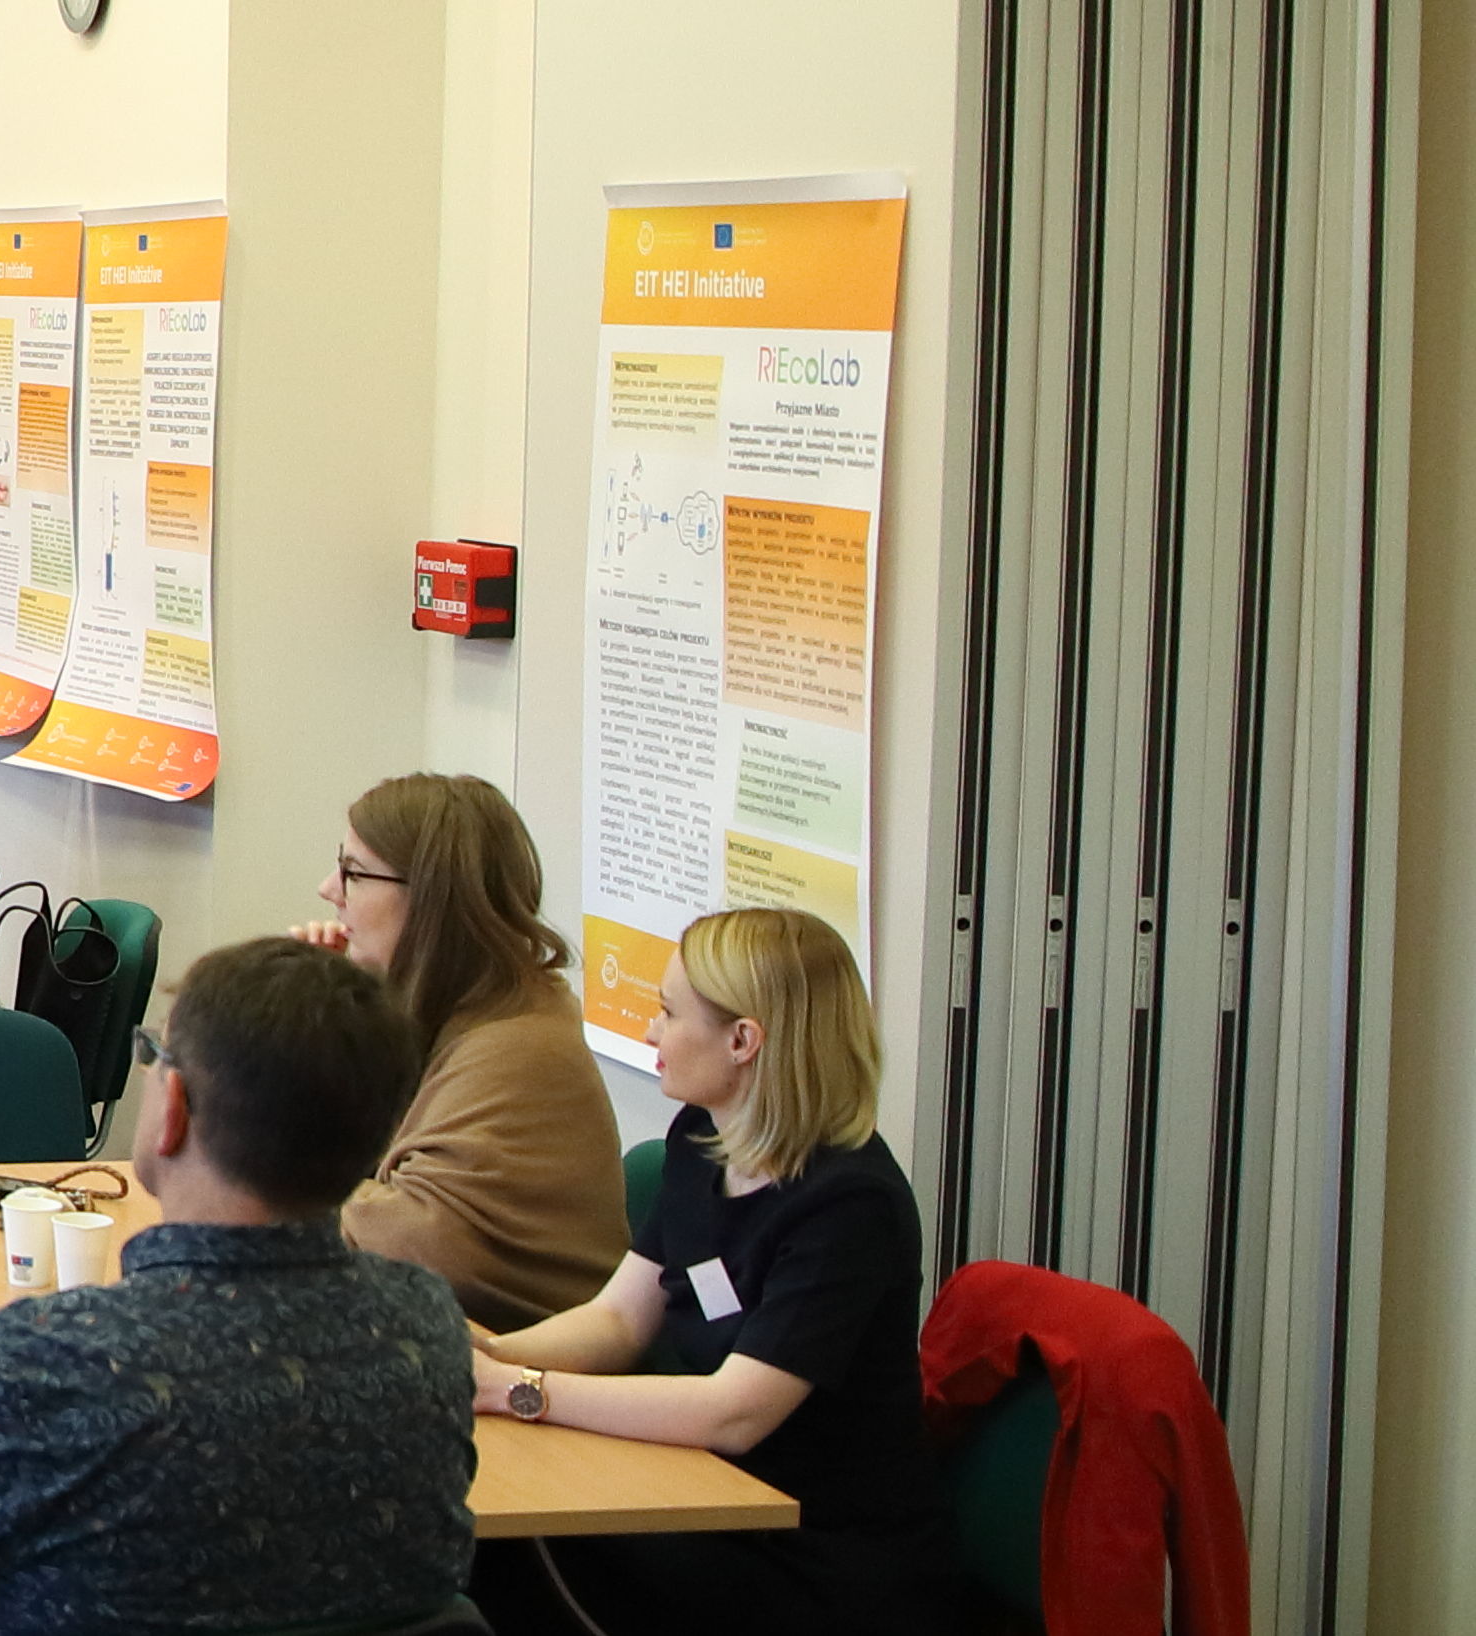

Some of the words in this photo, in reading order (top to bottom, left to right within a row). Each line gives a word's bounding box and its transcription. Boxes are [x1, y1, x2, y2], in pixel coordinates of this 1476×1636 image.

[5, 262, 33, 279] Initiative
[100, 267, 112, 285] EIT
[112, 267, 127, 284] HEI
[128, 265, 163, 284] Initiative
[635, 270, 659, 297] EIT
[662, 271, 689, 298] HEI
[693, 270, 765, 299] Initiative
[29, 307, 68, 331] RiEcoLab
[159, 307, 207, 332] RiEcoLab
[758, 346, 861, 387] RiEcoLab
[775, 401, 813, 418] Przyjazne
[815, 403, 841, 418] Miasto
[417, 555, 446, 573] Pierwsza
[445, 558, 468, 576] Pomoc
[680, 633, 710, 647] PROJEKTU
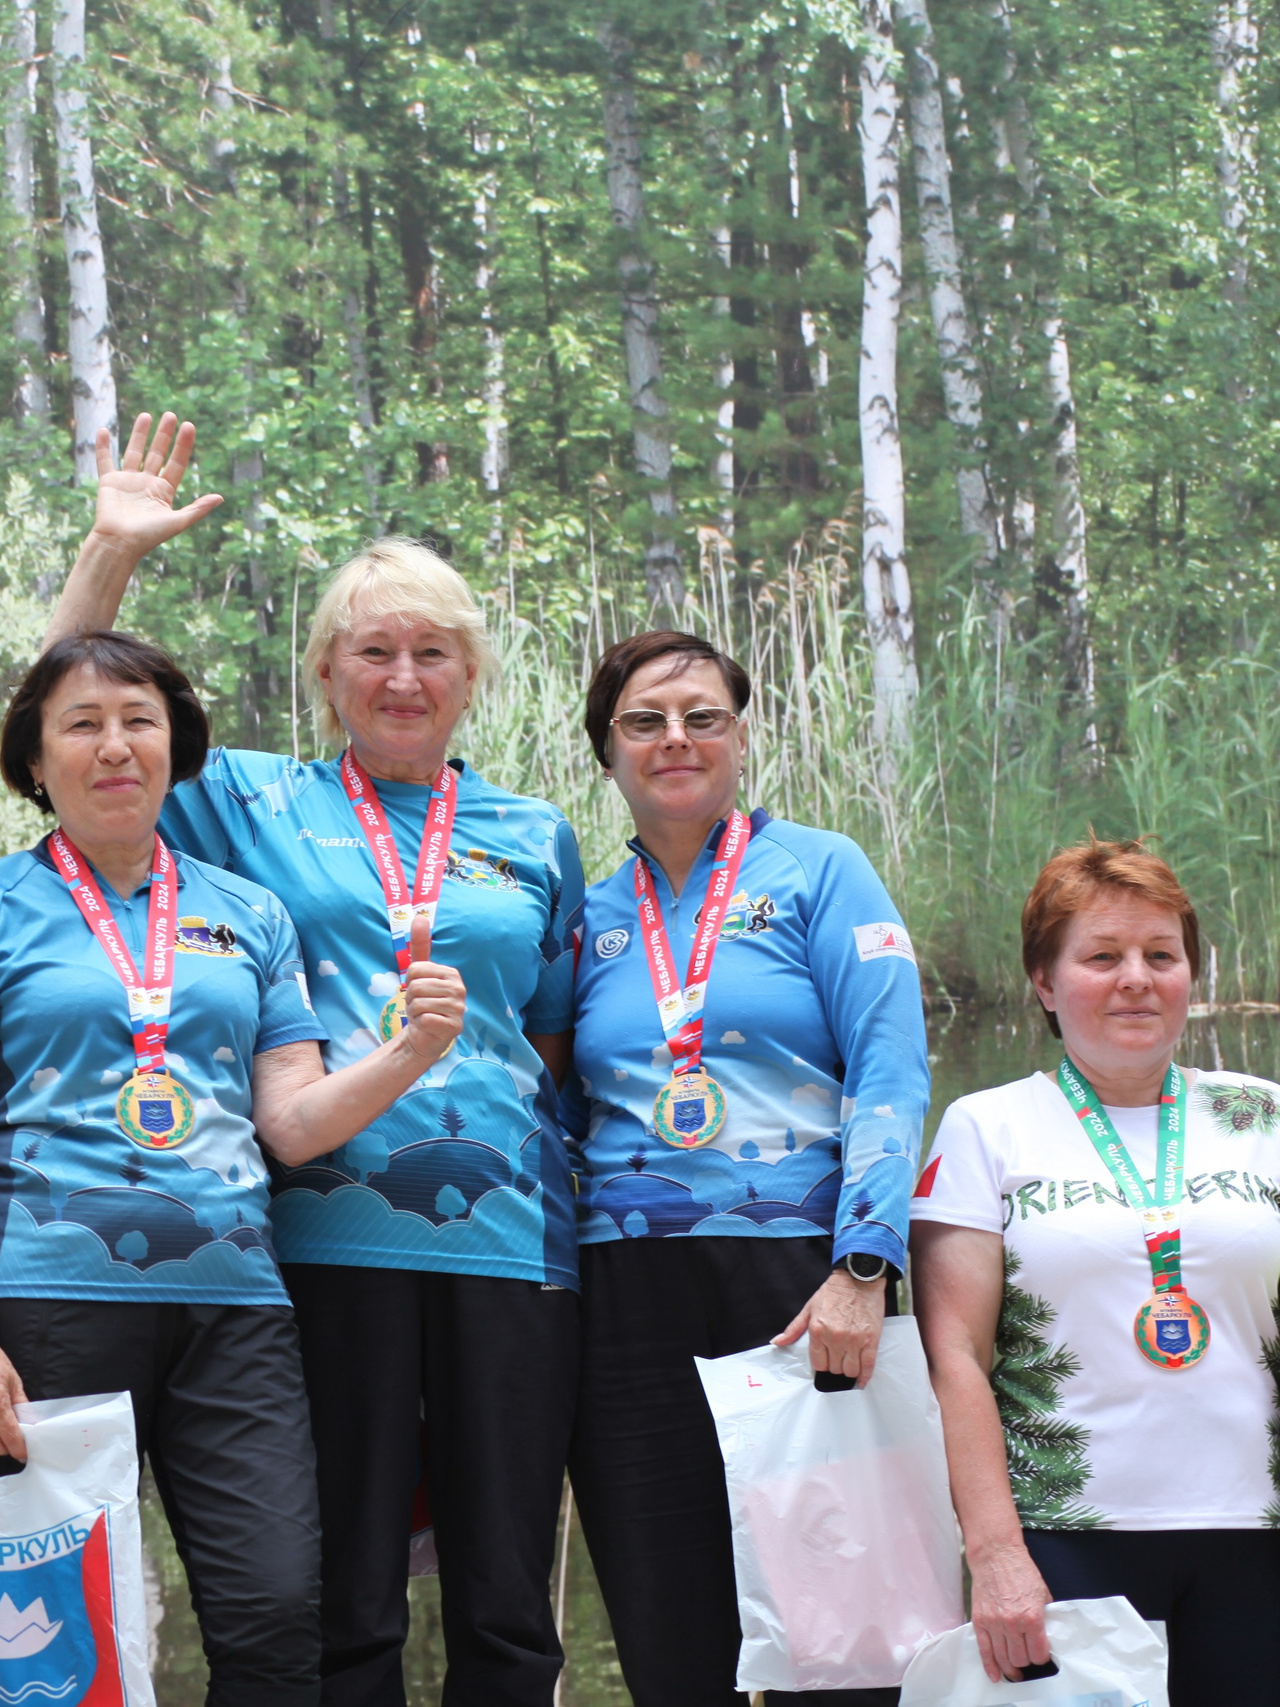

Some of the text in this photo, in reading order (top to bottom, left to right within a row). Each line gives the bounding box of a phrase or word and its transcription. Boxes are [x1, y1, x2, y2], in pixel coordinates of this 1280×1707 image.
..............................
→ WORK INSTRUCTIONS: Copy out the material above exactly; the images stay out.

→ PROBLEM SOLUTION:
Some of the words in this photo, in reading order (top to bottom, left to right within a row). Each line gives a word's bounding box and its transcription. Boxes are [x1, y1, x2, y2], in pixel coordinates of this 1476×1636 image.

[5, 262, 33, 279] Initiative
[100, 267, 112, 285] EIT
[112, 267, 127, 284] HEI
[128, 265, 163, 284] Initiative
[635, 270, 659, 297] EIT
[662, 271, 689, 298] HEI
[693, 270, 765, 299] Initiative
[29, 307, 68, 331] RiEcoLab
[159, 307, 207, 332] RiEcoLab
[758, 346, 861, 387] RiEcoLab
[775, 401, 813, 418] Przyjazne
[815, 403, 841, 418] Miasto
[417, 555, 446, 573] Pierwsza
[445, 558, 468, 576] Pomoc
[680, 633, 710, 647] PROJEKTU

Some of the text in this photo, in reading order (top to bottom, left to right within a row). Each line gives the bounding box of a phrase or word and its transcription. Boxes are [x1, y1, x2, y2], in pixel coordinates of this 1280×1707 image.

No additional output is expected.